Endividamento das famílias trava consumo e ameaça empregos
Estudo aponta que o alto endividamento das famílias já reduz o consumo e pode acelerar cortes de vagas no comércio e nos serviços. Veja como se proteger.
Tatiana Botelho
O bolso apertado do brasileiro deixou de ser um problema individual. Um estudo recente mostra que o alto nível de endividamento das famílias já começa a travar o consumo — e que essa retração pode virar, em pouco tempo, corte de vagas de trabalho no comércio e nos serviços. Em outras palavras: a dívida que hoje pesa na mesa do jantar tende a chegar, amanhã, na carteira de trabalho.
Se você é trabalhador CLT, aposentado, pensionista ou vive com renda apertada, entender essa engrenagem é fundamental para tomar decisões melhores nos próximos meses — desde renegociar dívidas antigas até pensar duas vezes antes de assumir novos financiamentos. Nesta matéria, você vai entender o que o levantamento aponta, por que o endividamento e o desemprego caminham juntos, quais setores tendem a sentir primeiro e, principalmente, o que dá para fazer agora para não ser pego de surpresa.
O que o estudo mostra sobre o endividamento das famílias
O levantamento realizado por instituição ligada à área de varejo e consumo indica que a proporção de famílias comprometidas com dívidas atingiu patamares que já pressionam diretamente a capacidade de gastar do brasileiro médio.
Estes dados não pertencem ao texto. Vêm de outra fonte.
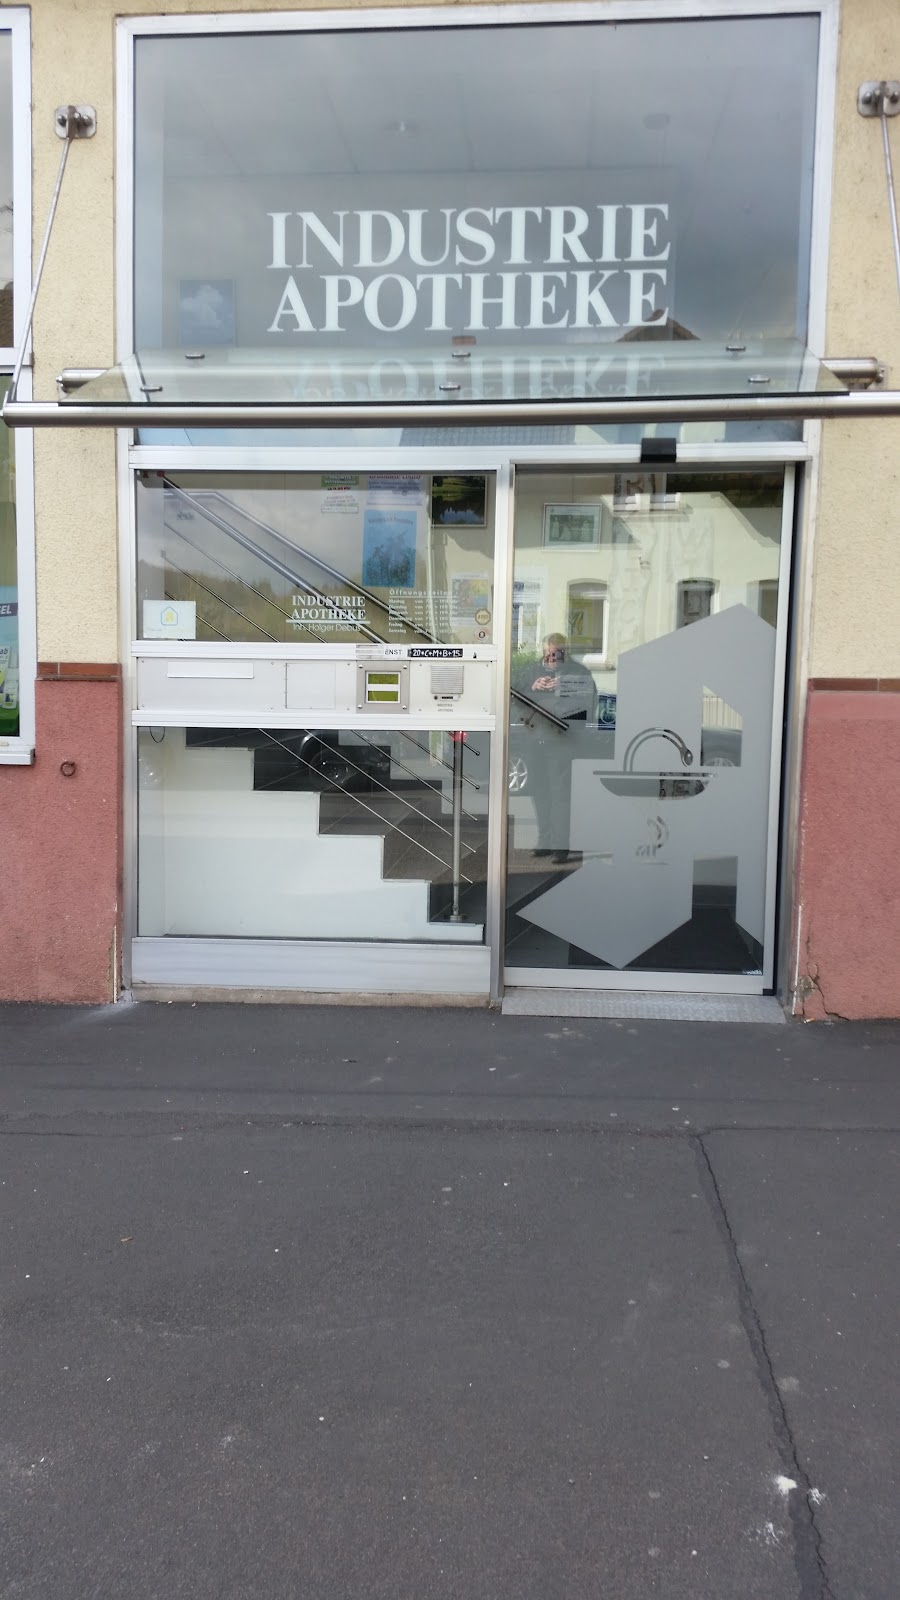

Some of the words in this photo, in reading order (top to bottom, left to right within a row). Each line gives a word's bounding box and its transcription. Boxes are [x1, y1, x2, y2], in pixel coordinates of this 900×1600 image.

Não se trata apenas de quem está inadimplente (ou seja, com contas atrasadas), mas também de quem ainda paga em dia, porém já destina uma fatia grande demais da renda mensal para quitar prestações, cartão de crédito, financiamento de veículo, crediário e empréstimos pessoais.
Quando somamos parcelas de cartão, boletos, consignado, financiamento imobiliário e crediário, sobra cada vez menos para o essencial: mercado, farmácia, transporte, energia elétrica e itens de vestuário. O estudo aponta que esse esgotamento da renda disponível é o principal fator por trás da desaceleração de vendas em segmentos que dependem de consumo recorrente.
O ponto de atenção é que boa parte dessas dívidas está concentrada em linhas de crédito de juros altos, como cartão rotativo e cheque especial. Esses produtos, por terem custo elevado, transformam pequenos atrasos em bolas de neve — e retiram da economia real um volume significativo de dinheiro que, em condições normais, iria para o consumo.
Como o endividamento derruba o consumo no dia a dia
A lógica é simples e cruel. Quando uma família compromete uma parte grande da renda com dívidas, ela precisa cortar em algum lugar. Os primeiros itens a serem sacrificados costumam ser os chamados gastos não essenciais: uma ida ao restaurante, a troca de eletrodomésticos, a compra de roupas novas, o lazer no fim de semana. Em seguida, o corte chega a itens importantes, como planos de saúde, cursos e até mesmo a qualidade do que se leva para a mesa.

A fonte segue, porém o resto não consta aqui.